Malini thought of the oil that had been rubbed into Narina’s hair, and Alori’s, the day they burned. The wax stitched in small weights into their skirts.

She felt nauseous.

And exultant.

“I have a plan,” said Malini. “To ensure that we survive, and are able to leave this place, and seek out your army—and we must hope, by the mothers, that they’re still waiting for you.”

She told him each detail, carefully delineated, deliberate. She watched the horror on his face grow.

“I won’t do it,” said Aditya. “I won’t allow it.”

“You will,” said Malini. “You will. Or we will all die. Perhaps we could have fought them, but thanks to your unwillingness to act your numbers are depleted. This valley is a prison.” The only stroke of luck was the narrowness of the entry to the monastery gardens. “Ask your nameless for guidance if you like, Aditya, but it’s this plan that we will enact.”

“And if I will not?” he said softly.

She could have threatened him. The lords were frightened and angry and restless, and she knew how to weave pretty words and wear a pretty face while doing it. It would take so little to turn them against him. Or she could have wept or pleaded with her brother, wearing her wounded heart on her skin.

But she was tired of all of it.

But she needed him, still.

“Look at the world, not at the water,” said Malini. “Look at your sister. You know this is what must be done.”

The lords were still bickering when she returned. She went to stand by Rao’s side. Waited, until their noise lulled for a moment.

“My lords and princes,” she said. “May I speak?”

They fell utterly silent.

“My brother Chandra always told me I did not obey the priests or the mothers as I should,” said Malini. “He told me I should listen to the voice of the mothers in my heart. But when I listened, I heard nothing. And I knew he heard nothing, too.”

Truth and lie. She wound them together, a weaving so fine that it had the look of one singular flesh. “Then he sought to burn me. And I finally heard the mothers. And I remembered one fact we have all forgotten, my lords.”

She had them. Held them bound with her words, winding and winding.

“The first of the mothers, who founded our line and the empire, was a devotee of the nameless god, as the Alorans and Srugani are. In his faith and his nature, Aditya is closer to her than any scion of her line has ever been. He does not forget that Parijatdvipa is bound together for a reason. The mothers chose to ascend in fire to gain the power to protect their people. Our people, for we are one empire.”
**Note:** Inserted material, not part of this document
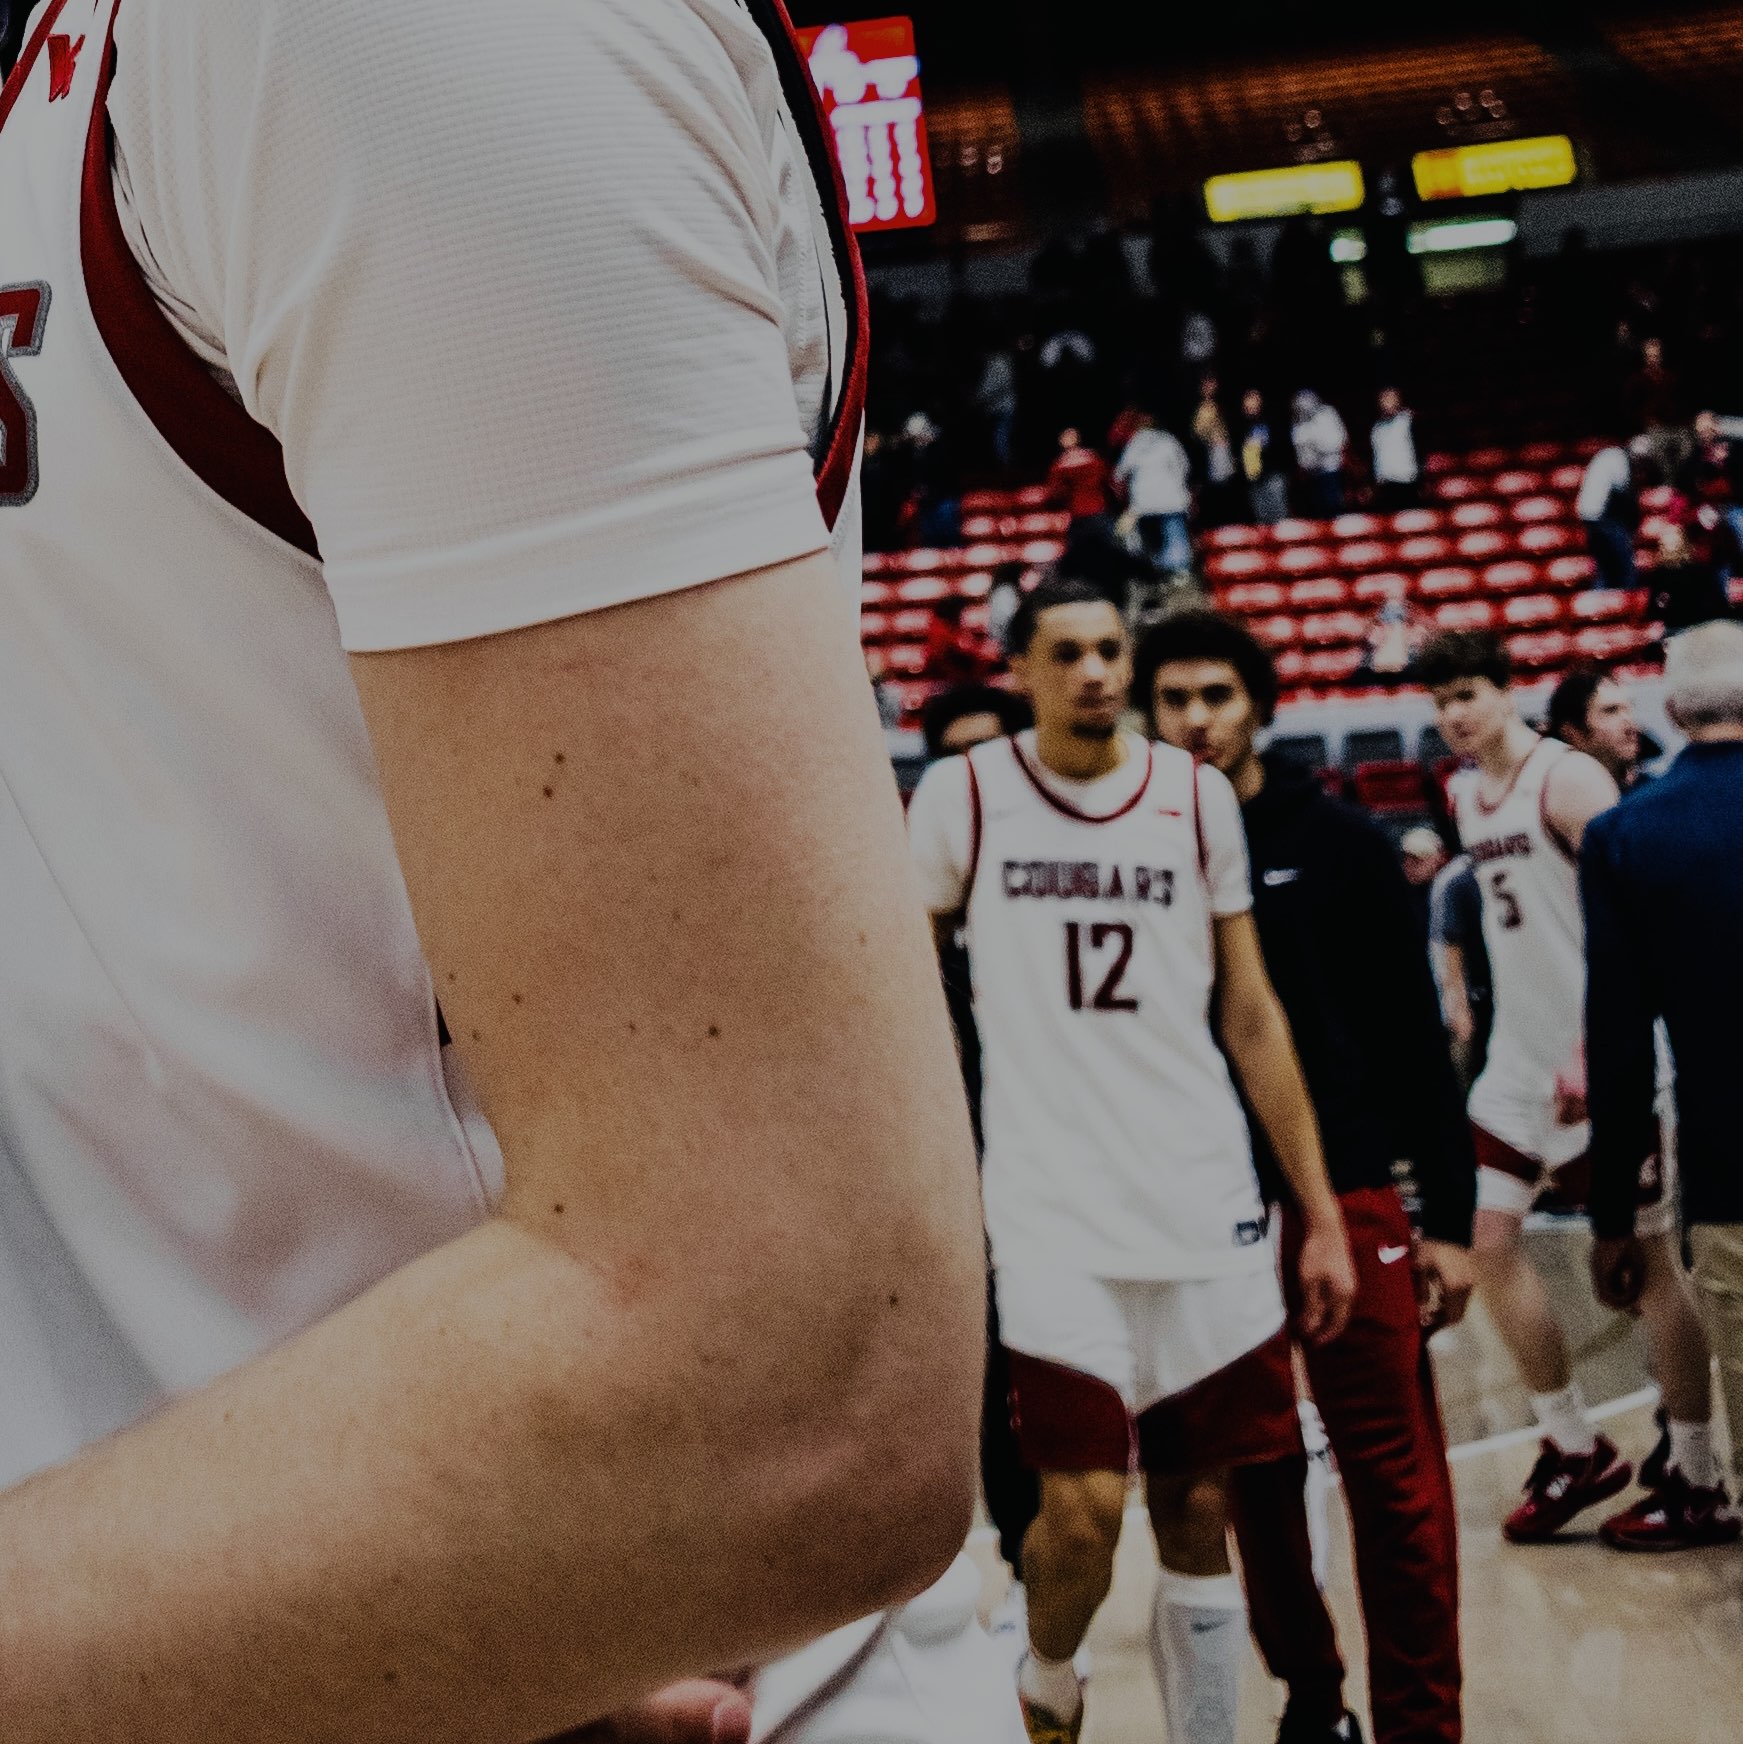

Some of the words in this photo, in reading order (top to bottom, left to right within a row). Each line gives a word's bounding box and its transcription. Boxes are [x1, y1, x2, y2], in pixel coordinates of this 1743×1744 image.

[1002, 860, 1177, 909] COUGARS
[1490, 871, 1524, 930] 5
[1064, 920, 1140, 1012] 12
There was a noise from behind her. Malini did not turn as the men bowed; as Aditya approached, dressed in his soft priestly robes, his head held as high as an emperor’s.
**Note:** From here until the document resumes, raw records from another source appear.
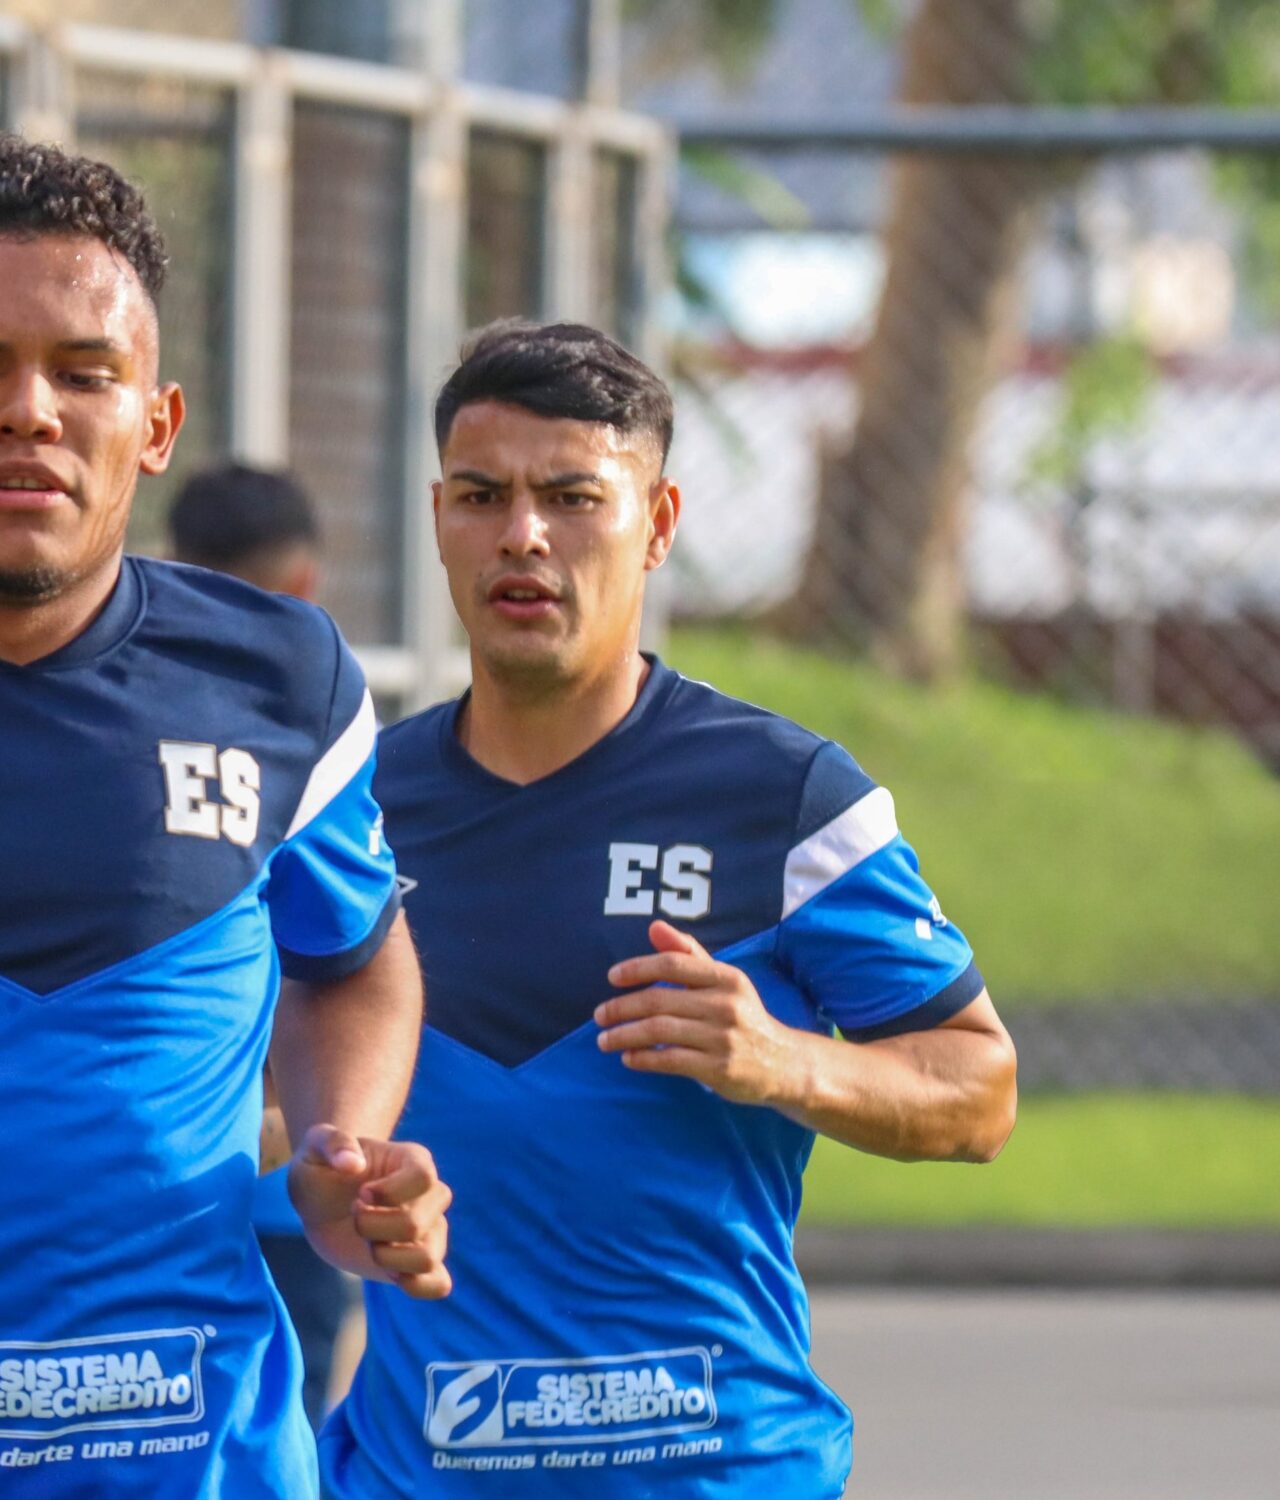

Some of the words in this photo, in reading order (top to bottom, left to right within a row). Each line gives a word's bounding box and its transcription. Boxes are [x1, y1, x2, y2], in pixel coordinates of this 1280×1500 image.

[158, 739, 261, 848] ES
[604, 842, 713, 920] ES
[537, 1367, 676, 1404] SISTEMA
[506, 1387, 706, 1428] FEDECREDITO
[0, 1443, 73, 1467] darte
[82, 1438, 129, 1460] una
[140, 1430, 210, 1456] mano
[432, 1450, 535, 1470] Queremos
[542, 1449, 606, 1469] darte
[613, 1445, 656, 1464] una
[662, 1436, 722, 1459] mano
Aditya took a deep breath. Moved forward to stand before her.

“There is nothing to fear,” he said, in that measured, resonant cadence of his, the one that had always quelled even the fiercest men to quiet. “My sister speaks true. I have never forgotten the bonds between us, my brothers. And I know how to ensure not only our survival, but our victory.”

PRIYA

They traveled from Srugna back along the seeker’s path. The people of the mahal and the rebels made uneasy company. The rebels kept trying to take the lead and the maidservants and men of the mahal looked like they were seriously considering gutting the lot of them in the dark of the night.

By necessity, they moved slowly. Bhumika could only travel in her palanquin. The rebels had also put together a makeshift palanquin for Ashok, a canvas held up by canes, more a hammock than anything else. Kritika walked beside him. Priya wondered how he fared. Could he still talk? Was he in pain?

She didn’t approach him, though. She didn’t know what to say to him. Once they were in Hiranaprastha, and he had passed through the deathless waters and was well again, they would talk.